Marcel Jouhandeau, le protégé de la Garde Suisse
Stéphane Denis
[11 février 2006] Le Figaro Magazine
Jouhandeau est un ours, un tigre, un malabar de la littérature. Il en a la curiosité, le goût des petites gens, la ruse. Ça ne se voyait pas parce qu'il était mince et qu'il avait une tête de vieux chanoine. Il a écrit énormément mais peu à la fois, comme le grand-père du narrateur quand il pensait à sa femme, dans A la recherche du temps perdu. Il était professeur de sixième à Saint-Jean-de-Passy et son mariage lui a été l'occasion d'un interminable sujet, car il préférait les hommes et sa femme était une mégère. On ne connaît pas d'union plus catastrophique, sauf peut-être celle de Gide qui écrivit sur son propre ménage un livre assez atroce. Seul Mauriac s'est montré discret, dans ce trio qui se connaissait suffisamment pour se reconnaître.
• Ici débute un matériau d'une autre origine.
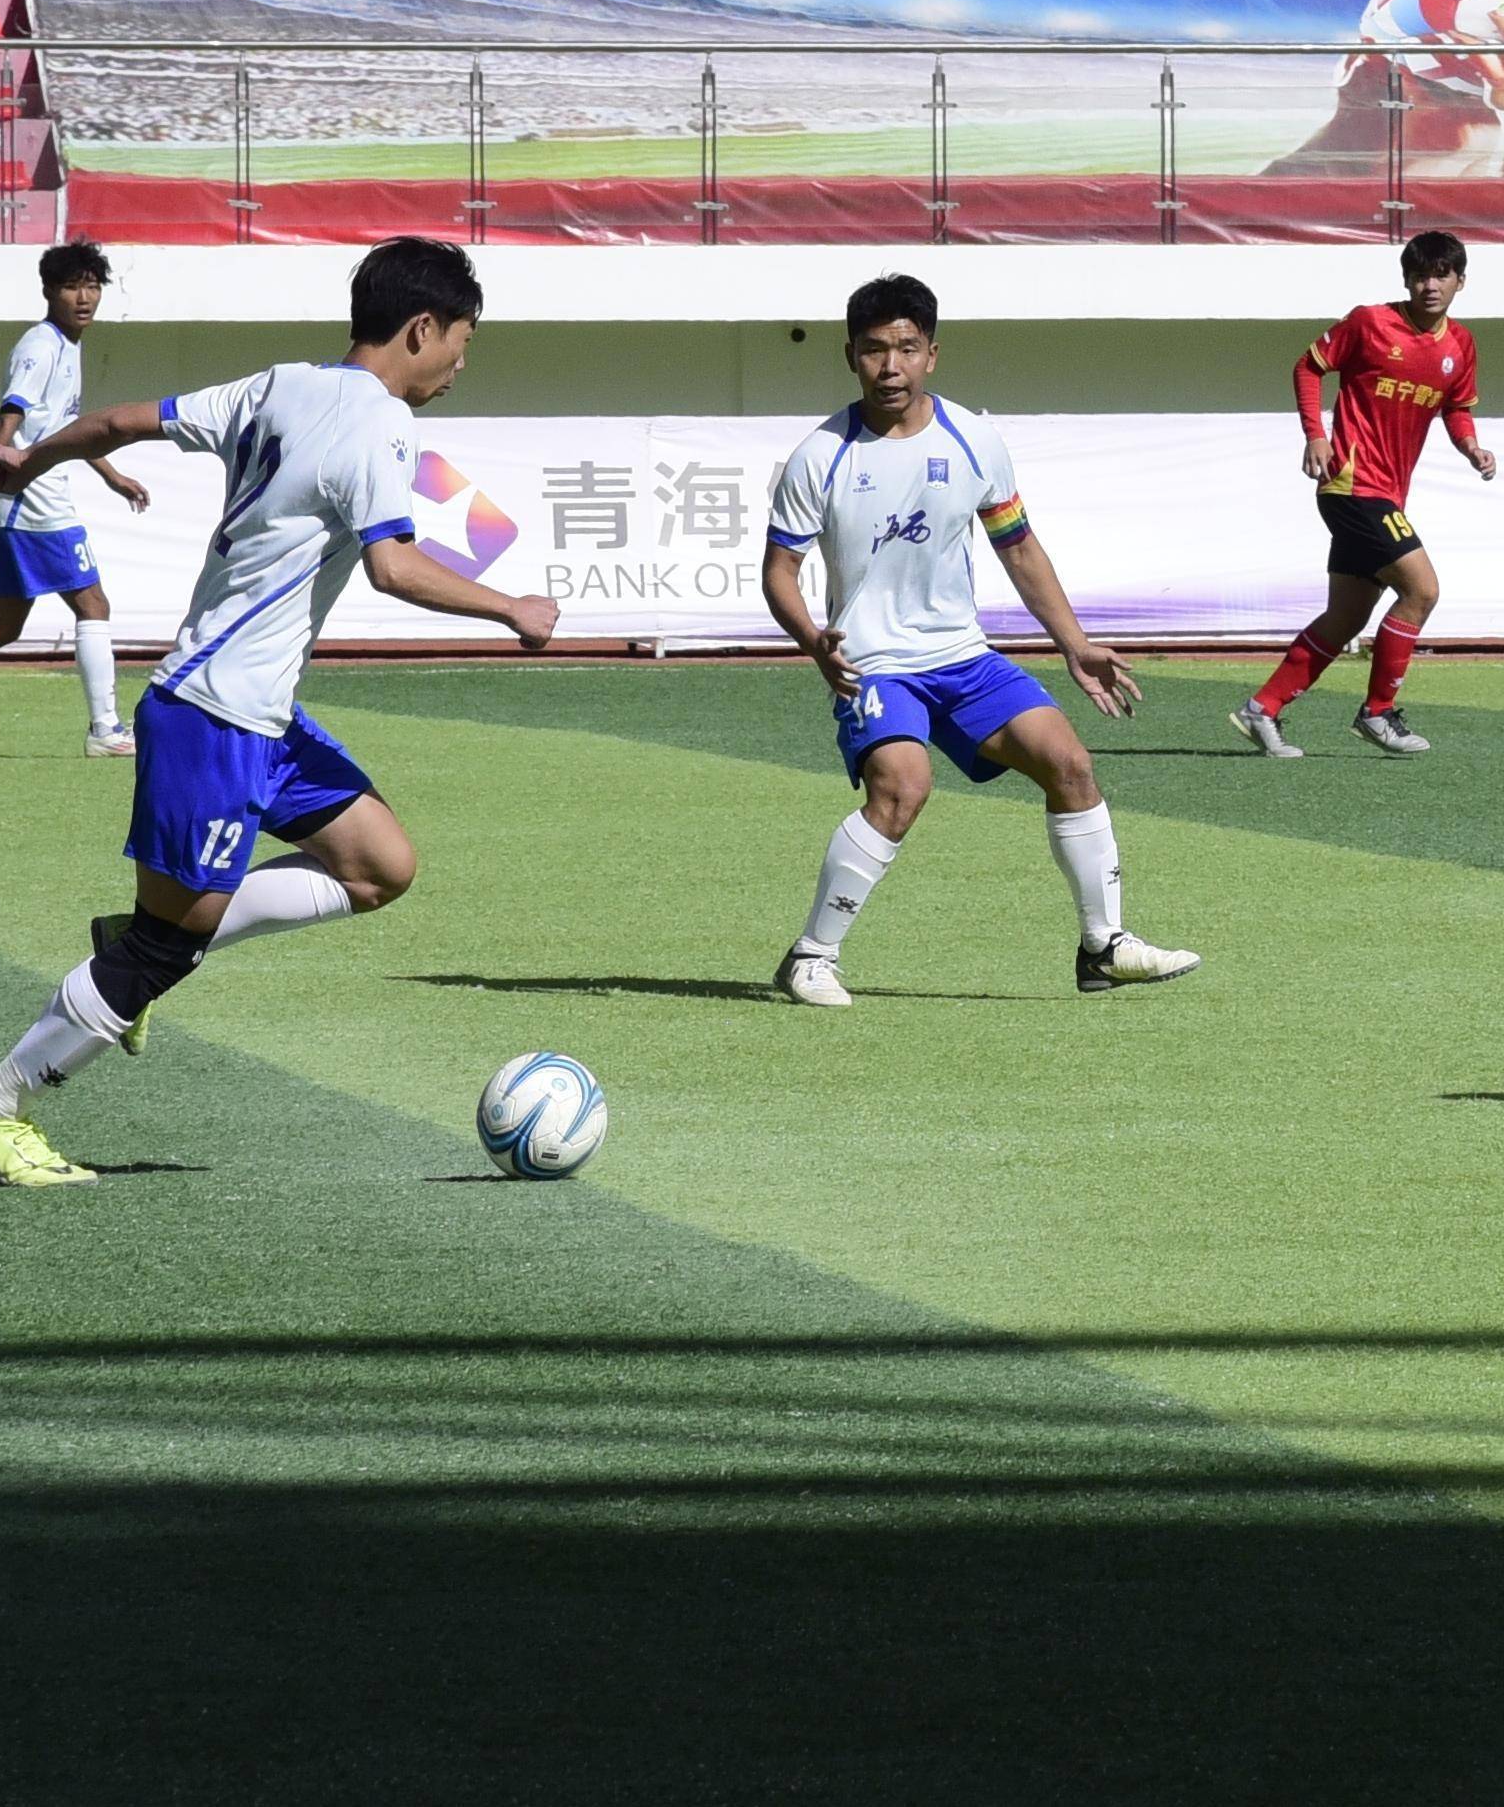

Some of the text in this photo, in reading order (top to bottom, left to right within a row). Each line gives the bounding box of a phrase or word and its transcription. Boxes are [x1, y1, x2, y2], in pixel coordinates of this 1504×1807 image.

De Guéret dans la Creuse, il a fait Chaminadour. Aujourd'hui l'autoroute longe la petite ville mais autrefois c'était au cul du loup. Son père était boucher et grâce à lui nous voyons vivre ce peuple unique et qui a disparu, les commerçants, les artisans, les petits fonctionnaires d'un de ces bourgs de la IIIe République dont la société succédait à celle d'Anatole France dans Histoire contemporaine. Même Dieu est présent, car Jouhandeau était nourri de sainte Thérèse et de la certitude de l'enfer. A côté de lui, monseigneur Lefebvre était révolutionnaire. Il n'en a pas moins été continuellement protégé par la NRF. Gide, Paulhan surtout qui lui écrivait sans cesse, avaient pour Jouhandeau un respect considérable, le plus proche, chez eux, du sacré. Cela lui a permis de survivre à ses imprudences. Il a été d'un des deux voyages en Allemagne organisé par les nazis, des nazis très amateurs de littérature comme le lieutenant Heller, le conseiller Aschenbach, mais des nazis tout de même. Il faut ajouter qu'il y est allé par amour : un Allemand qu'il avait dans la peau. La sienne en réchappa et les livres se succédèrent, déclarés bons pour le service par Paulhan qui avait beaucoup d'entregent chez les écrivains et par Gide, qui gardait de l'autorité sur les consciences.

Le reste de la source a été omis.